SOURCE INFORMATION
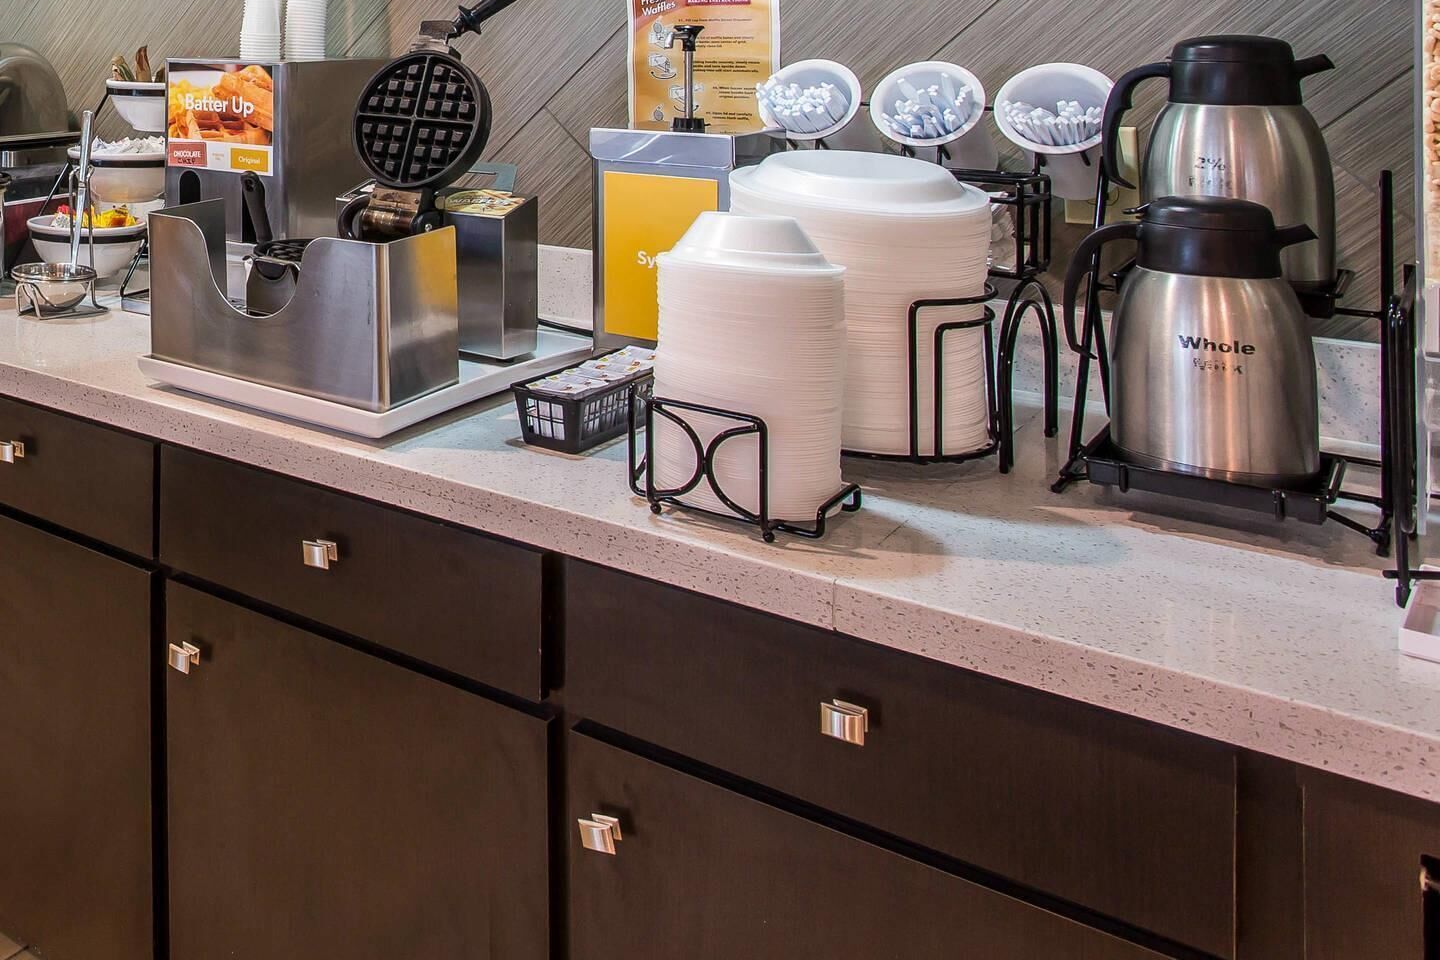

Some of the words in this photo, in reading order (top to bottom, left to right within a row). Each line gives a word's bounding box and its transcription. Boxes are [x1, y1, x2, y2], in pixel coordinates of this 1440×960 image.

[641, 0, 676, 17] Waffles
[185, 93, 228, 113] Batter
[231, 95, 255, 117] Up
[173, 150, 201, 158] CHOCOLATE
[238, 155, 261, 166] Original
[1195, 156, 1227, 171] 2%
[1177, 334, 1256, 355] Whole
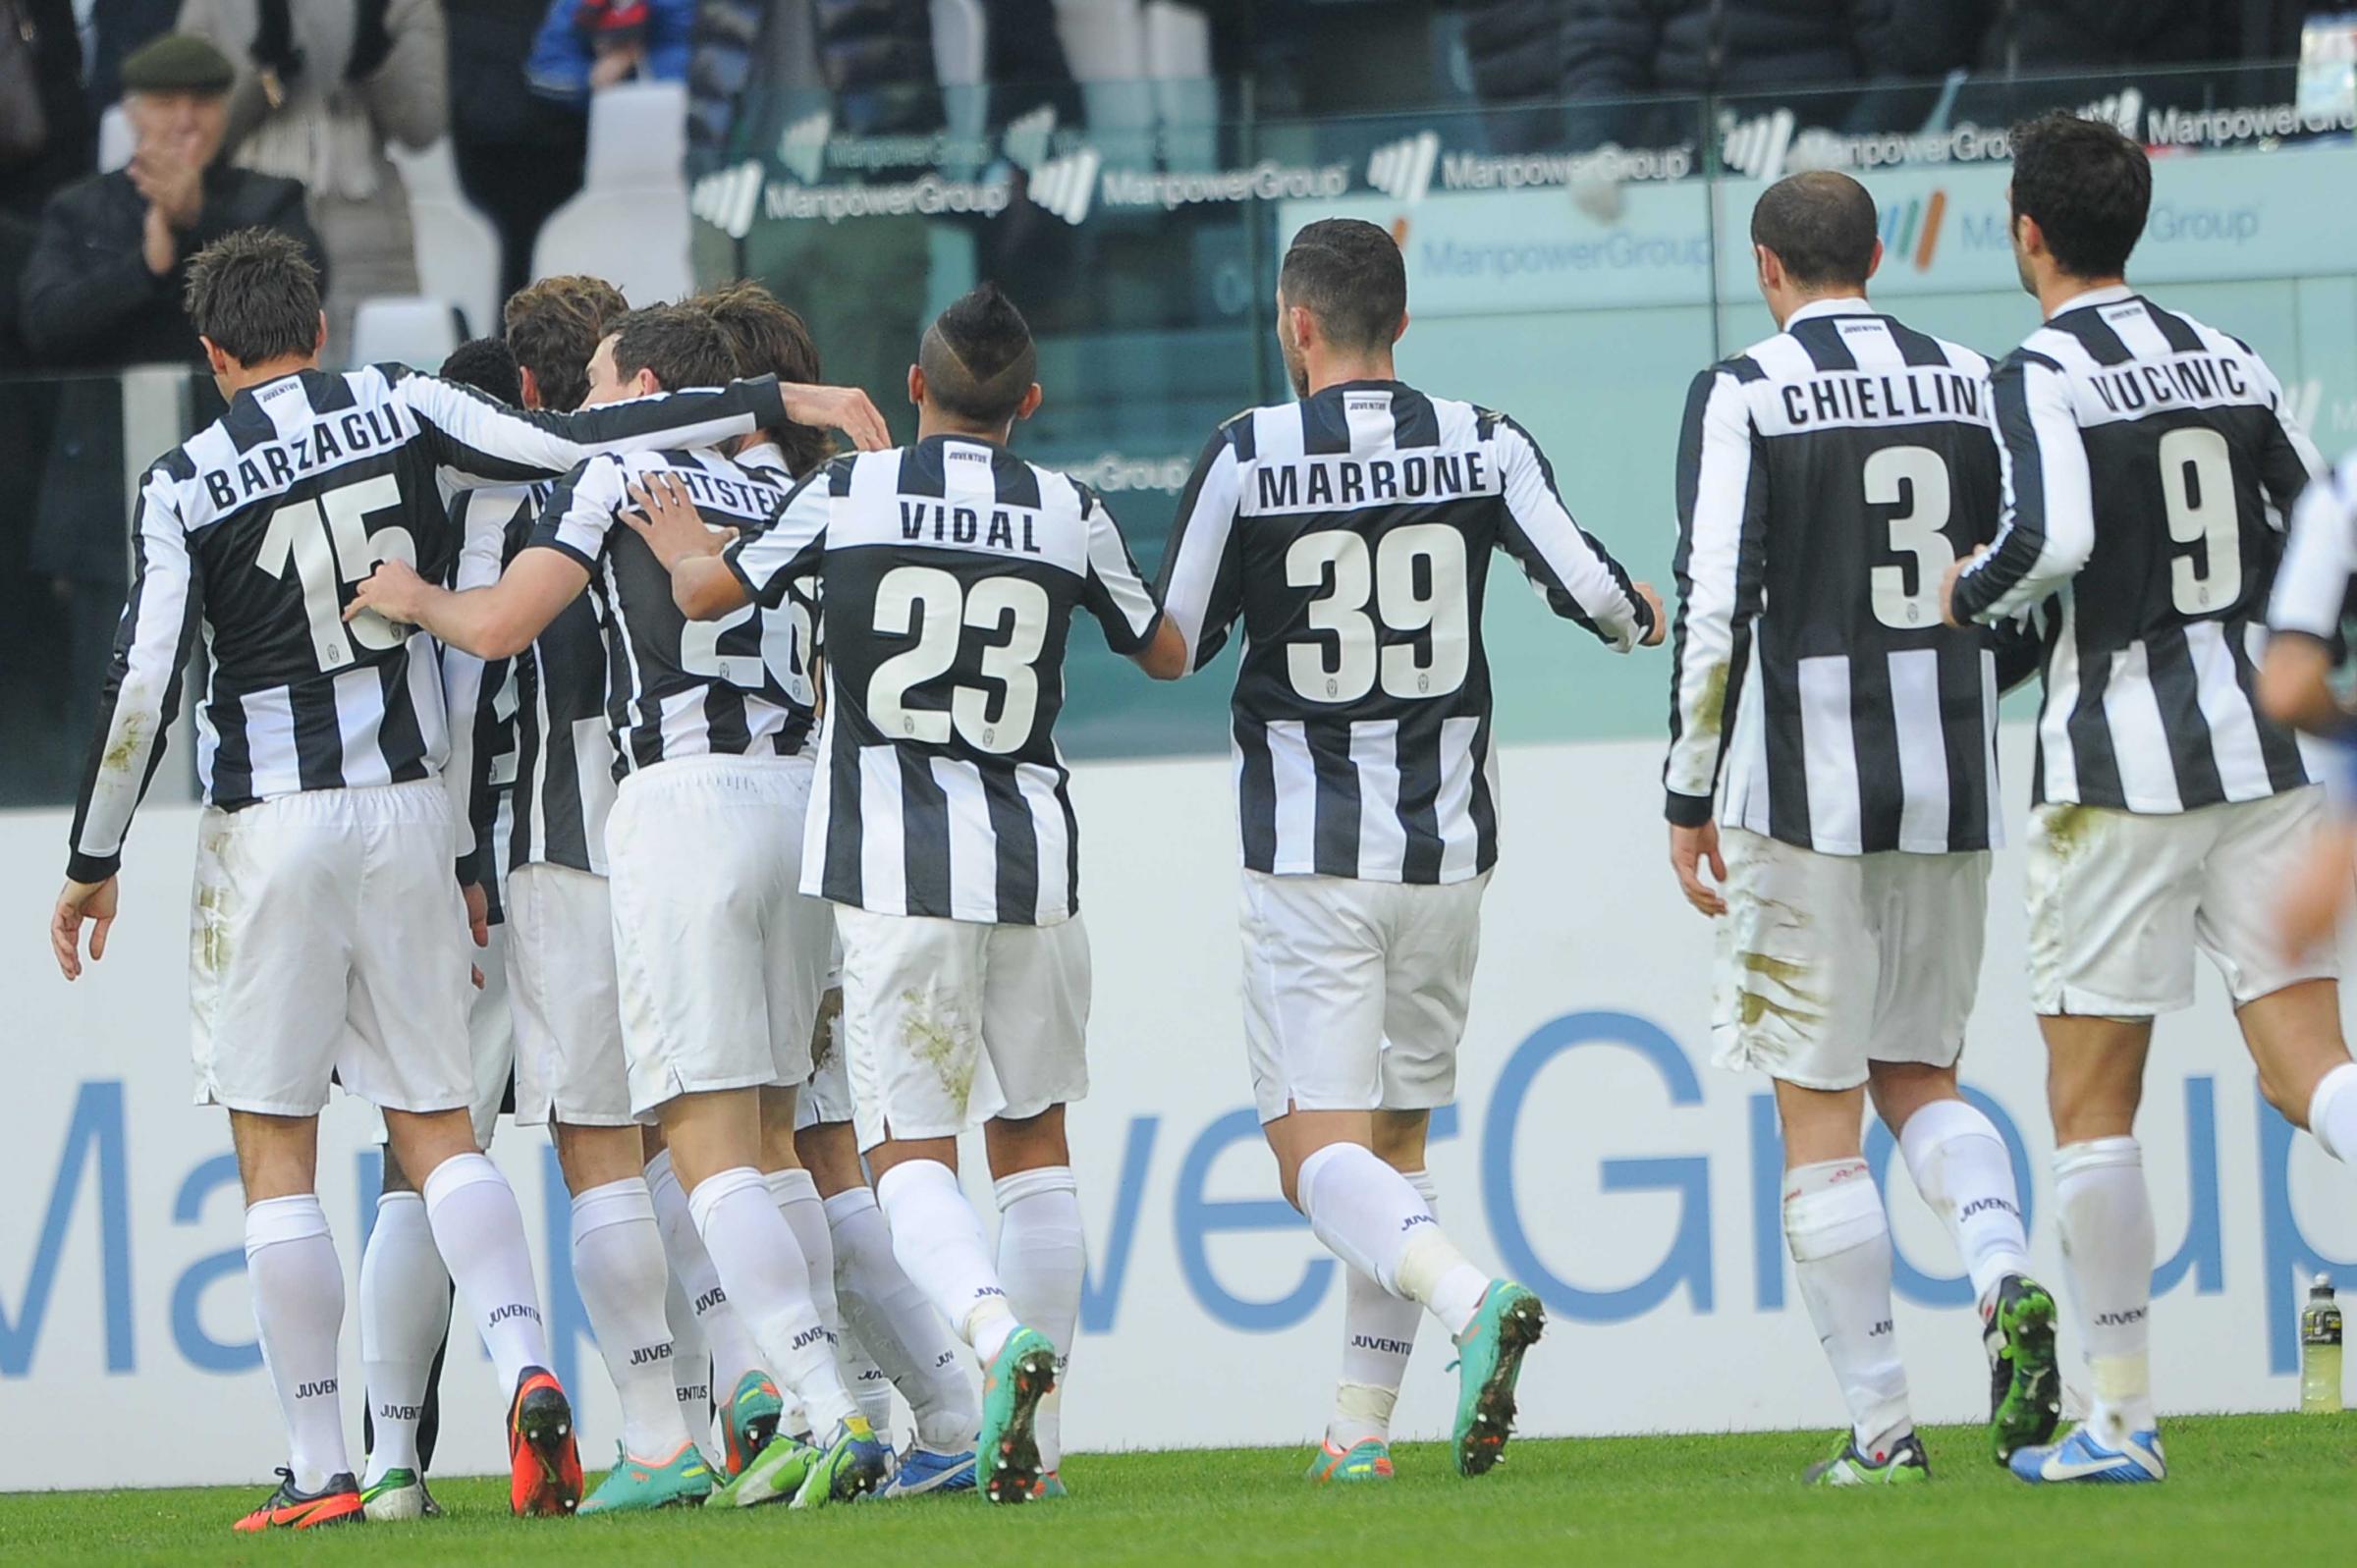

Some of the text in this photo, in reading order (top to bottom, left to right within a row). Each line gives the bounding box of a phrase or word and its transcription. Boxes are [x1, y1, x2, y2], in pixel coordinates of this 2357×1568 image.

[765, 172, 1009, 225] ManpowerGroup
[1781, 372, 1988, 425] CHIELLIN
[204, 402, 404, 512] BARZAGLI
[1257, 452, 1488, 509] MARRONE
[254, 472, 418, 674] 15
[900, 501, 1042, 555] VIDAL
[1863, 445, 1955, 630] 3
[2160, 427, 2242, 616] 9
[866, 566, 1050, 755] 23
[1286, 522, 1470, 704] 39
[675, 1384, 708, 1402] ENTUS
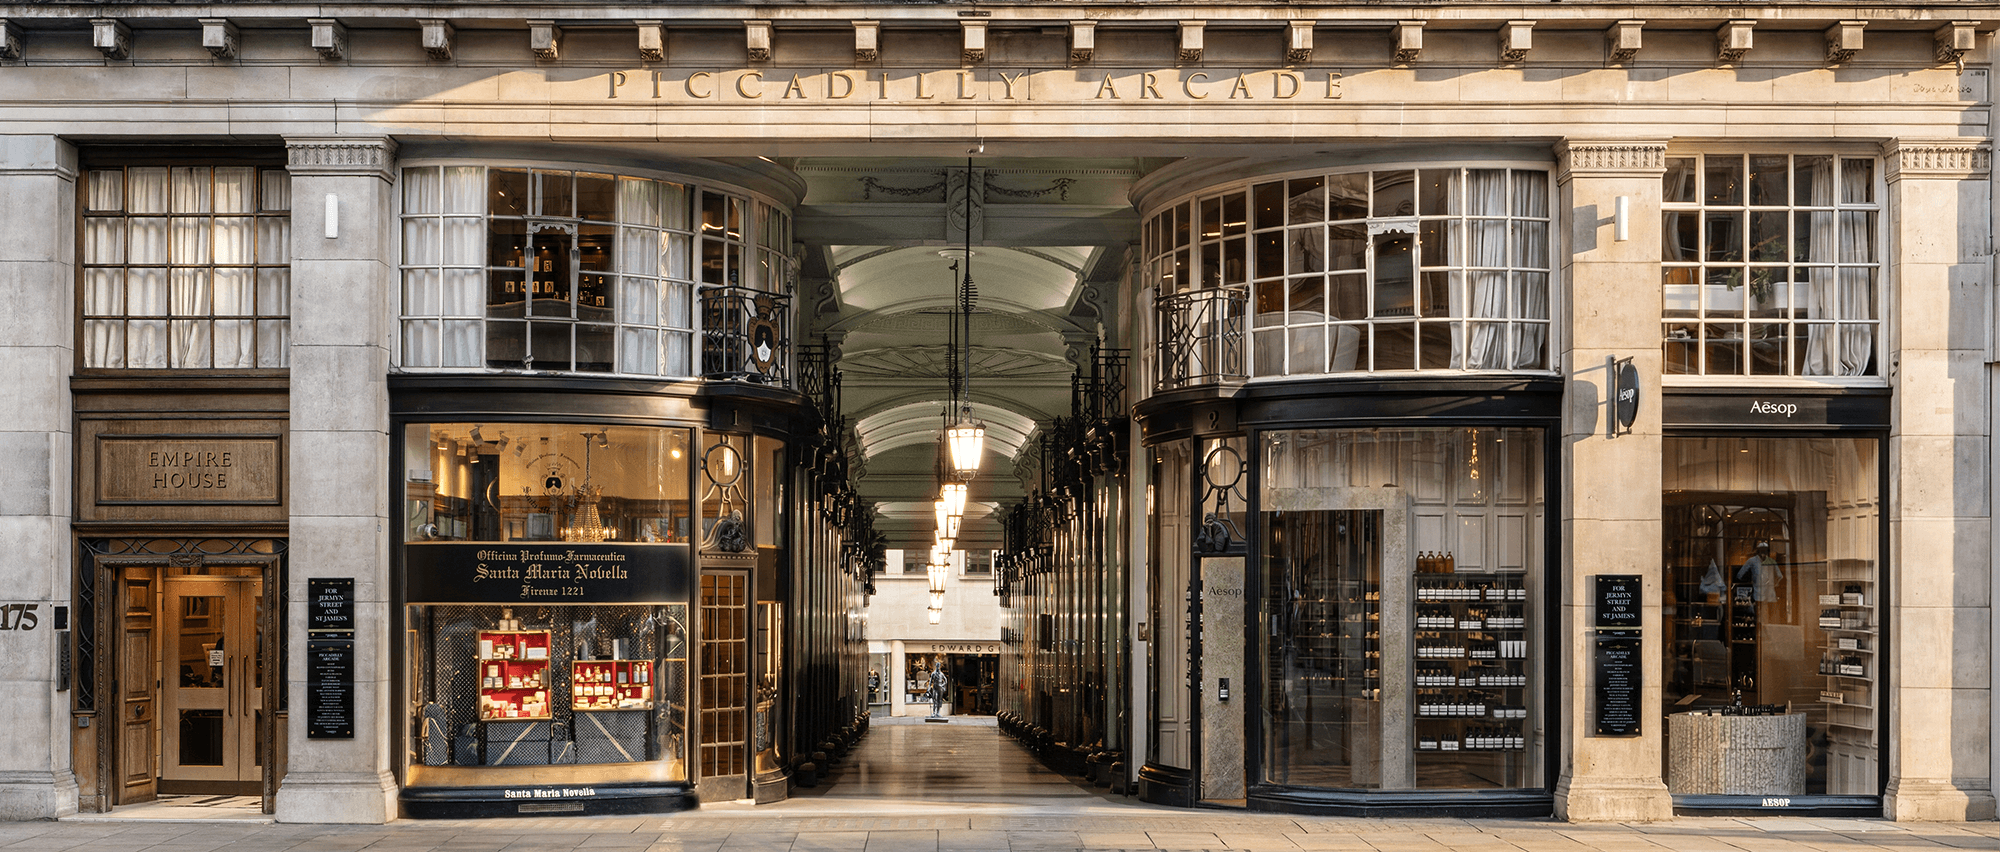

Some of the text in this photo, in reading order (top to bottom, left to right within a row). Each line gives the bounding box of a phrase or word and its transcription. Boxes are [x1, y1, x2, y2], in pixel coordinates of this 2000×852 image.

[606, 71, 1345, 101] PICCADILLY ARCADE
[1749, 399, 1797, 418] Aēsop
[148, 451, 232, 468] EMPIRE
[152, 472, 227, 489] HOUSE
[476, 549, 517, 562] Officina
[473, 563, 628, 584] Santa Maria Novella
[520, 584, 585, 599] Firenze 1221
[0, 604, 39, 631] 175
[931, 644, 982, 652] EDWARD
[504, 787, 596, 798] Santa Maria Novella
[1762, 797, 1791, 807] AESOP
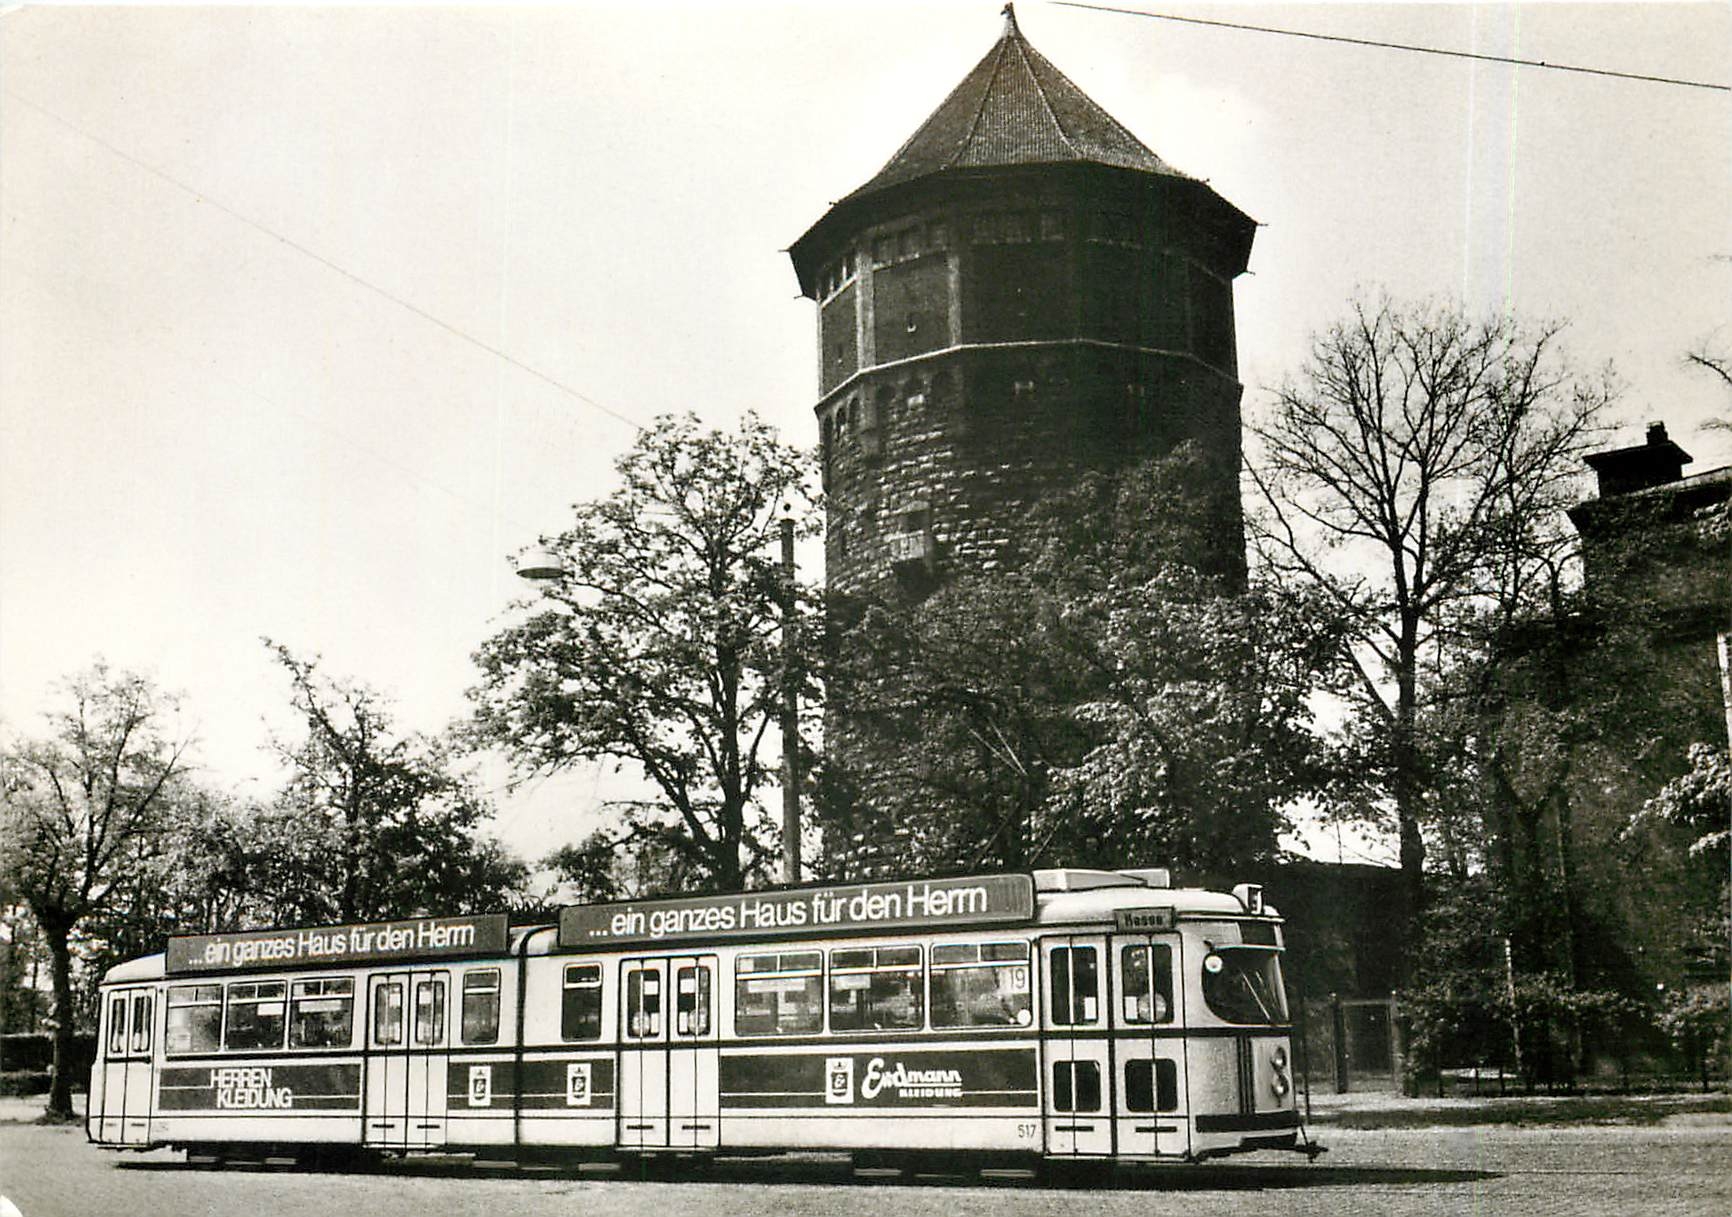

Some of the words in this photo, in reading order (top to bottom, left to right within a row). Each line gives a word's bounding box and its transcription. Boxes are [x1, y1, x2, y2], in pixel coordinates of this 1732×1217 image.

TASK OBJECTIVE
All entries above, minus the pictures, should be repeated exactly.

OUTPUT FOR THIS TASK
Some of the words in this photo, in reading order (top to bottom, left to right within a row). Each line gives a word's bounding box and its transcription. Boxes are [x1, y1, x2, y2], in pixel coordinates of this 1440×960 image.

[641, 0, 676, 17] Waffles
[185, 93, 228, 113] Batter
[231, 95, 255, 117] Up
[173, 150, 201, 158] CHOCOLATE
[238, 155, 261, 166] Original
[1195, 156, 1227, 171] 2%
[1177, 334, 1256, 355] Whole

Some of the text in this photo, in reading order (top to bottom, left to right within a row). Each line gives the bounding box of a phrase or word and its transcription. Boxes are [x1, y1, x2, y2], in pixel coordinates of this 2357×1568 image.

[765, 172, 1009, 225] ManpowerGroup
[1781, 372, 1988, 425] CHIELLIN
[204, 402, 404, 512] BARZAGLI
[1257, 452, 1488, 509] MARRONE
[254, 472, 418, 674] 15
[900, 501, 1042, 555] VIDAL
[1863, 445, 1955, 630] 3
[2160, 427, 2242, 616] 9
[866, 566, 1050, 755] 23
[1286, 522, 1470, 704] 39
[675, 1384, 708, 1402] ENTUS

Some of the text in this photo, in reading order (top to bottom, left to right within a row). Each line gives the bounding box of a phrase or word and its transcription. Boxes are [x1, y1, x2, y2], in pixel coordinates of this 2000×852 image.

[606, 71, 1345, 101] PICCADILLY ARCADE
[1749, 399, 1797, 418] Aēsop
[148, 451, 232, 468] EMPIRE
[152, 472, 227, 489] HOUSE
[476, 549, 517, 562] Officina
[473, 563, 628, 584] Santa Maria Novella
[520, 584, 585, 599] Firenze 1221
[0, 604, 39, 631] 175
[931, 644, 982, 652] EDWARD
[504, 787, 596, 798] Santa Maria Novella
[1762, 797, 1791, 807] AESOP

Some of the words in this photo, in reading order (top to bottom, left to right within a row). Each line gives a word's bounding box and its transcription. Boxes are [x1, y1, x2, y2], in pixel coordinates of this 1732×1217 image.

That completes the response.